EXERCISE REQUIREMENTS -> Please print, word for word, every line from the one that contains "this 1536×2048 image." through the last line of the records, and nothing else.

SOURCE DATA ->
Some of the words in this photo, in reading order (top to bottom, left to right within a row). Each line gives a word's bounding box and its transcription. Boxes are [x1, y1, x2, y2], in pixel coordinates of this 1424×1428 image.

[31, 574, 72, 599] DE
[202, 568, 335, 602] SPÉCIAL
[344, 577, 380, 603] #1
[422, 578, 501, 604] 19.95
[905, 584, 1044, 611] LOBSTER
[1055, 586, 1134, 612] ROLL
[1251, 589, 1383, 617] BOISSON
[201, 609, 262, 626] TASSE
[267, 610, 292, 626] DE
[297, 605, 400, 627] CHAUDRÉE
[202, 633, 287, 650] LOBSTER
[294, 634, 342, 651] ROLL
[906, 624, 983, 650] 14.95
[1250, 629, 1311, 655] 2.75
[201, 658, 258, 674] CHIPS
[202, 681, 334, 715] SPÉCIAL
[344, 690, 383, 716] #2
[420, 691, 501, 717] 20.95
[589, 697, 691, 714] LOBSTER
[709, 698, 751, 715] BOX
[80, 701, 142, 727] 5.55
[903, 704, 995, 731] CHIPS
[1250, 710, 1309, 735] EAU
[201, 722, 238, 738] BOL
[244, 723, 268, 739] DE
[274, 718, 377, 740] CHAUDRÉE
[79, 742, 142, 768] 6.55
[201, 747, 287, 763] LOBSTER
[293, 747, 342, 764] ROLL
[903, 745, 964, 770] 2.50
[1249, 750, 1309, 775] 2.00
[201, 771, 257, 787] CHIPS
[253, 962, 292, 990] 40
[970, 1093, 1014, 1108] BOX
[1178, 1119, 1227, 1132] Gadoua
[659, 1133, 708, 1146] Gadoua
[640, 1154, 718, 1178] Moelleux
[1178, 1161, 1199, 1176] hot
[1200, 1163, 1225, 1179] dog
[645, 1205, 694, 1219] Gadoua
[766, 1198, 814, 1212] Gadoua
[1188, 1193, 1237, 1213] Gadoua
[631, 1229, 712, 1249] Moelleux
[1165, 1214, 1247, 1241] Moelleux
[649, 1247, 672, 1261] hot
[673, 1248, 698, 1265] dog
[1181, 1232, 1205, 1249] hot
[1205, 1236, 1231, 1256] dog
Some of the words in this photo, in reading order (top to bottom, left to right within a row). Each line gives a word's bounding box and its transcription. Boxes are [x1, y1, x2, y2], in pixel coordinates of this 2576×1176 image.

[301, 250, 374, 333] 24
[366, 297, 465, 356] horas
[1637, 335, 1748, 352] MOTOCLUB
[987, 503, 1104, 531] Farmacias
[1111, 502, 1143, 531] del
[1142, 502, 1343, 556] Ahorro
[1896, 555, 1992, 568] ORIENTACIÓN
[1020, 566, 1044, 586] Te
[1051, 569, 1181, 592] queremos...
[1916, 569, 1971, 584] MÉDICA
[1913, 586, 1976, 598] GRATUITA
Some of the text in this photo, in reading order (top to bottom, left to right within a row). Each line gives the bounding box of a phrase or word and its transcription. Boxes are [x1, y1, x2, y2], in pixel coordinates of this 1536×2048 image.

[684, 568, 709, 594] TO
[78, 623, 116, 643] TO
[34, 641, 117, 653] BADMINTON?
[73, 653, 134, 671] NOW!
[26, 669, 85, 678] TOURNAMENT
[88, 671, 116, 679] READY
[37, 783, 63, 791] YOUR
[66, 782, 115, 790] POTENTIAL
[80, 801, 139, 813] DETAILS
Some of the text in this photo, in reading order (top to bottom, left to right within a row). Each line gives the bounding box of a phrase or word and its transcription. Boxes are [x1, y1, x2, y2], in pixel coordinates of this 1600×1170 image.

ANSWER BELOW ->
Some of the text in this photo, in reading order (top to bottom, left to right within a row). Each line gives the bounding box of a phrase or word and its transcription. Boxes are [x1, y1, x2, y2], in pixel coordinates of this 1536×2048 image.

[684, 568, 709, 594] TO
[78, 623, 116, 643] TO
[34, 641, 117, 653] BADMINTON?
[73, 653, 134, 671] NOW!
[26, 669, 85, 678] TOURNAMENT
[88, 671, 116, 679] READY
[37, 783, 63, 791] YOUR
[66, 782, 115, 790] POTENTIAL
[80, 801, 139, 813] DETAILS
Some of the text in this photo, in reading order (top to bottom, left to right within a row). Each line gives the bounding box of a phrase or word and its transcription. Boxes are [x1, y1, x2, y2], in pixel coordinates of this 1600×1170 image.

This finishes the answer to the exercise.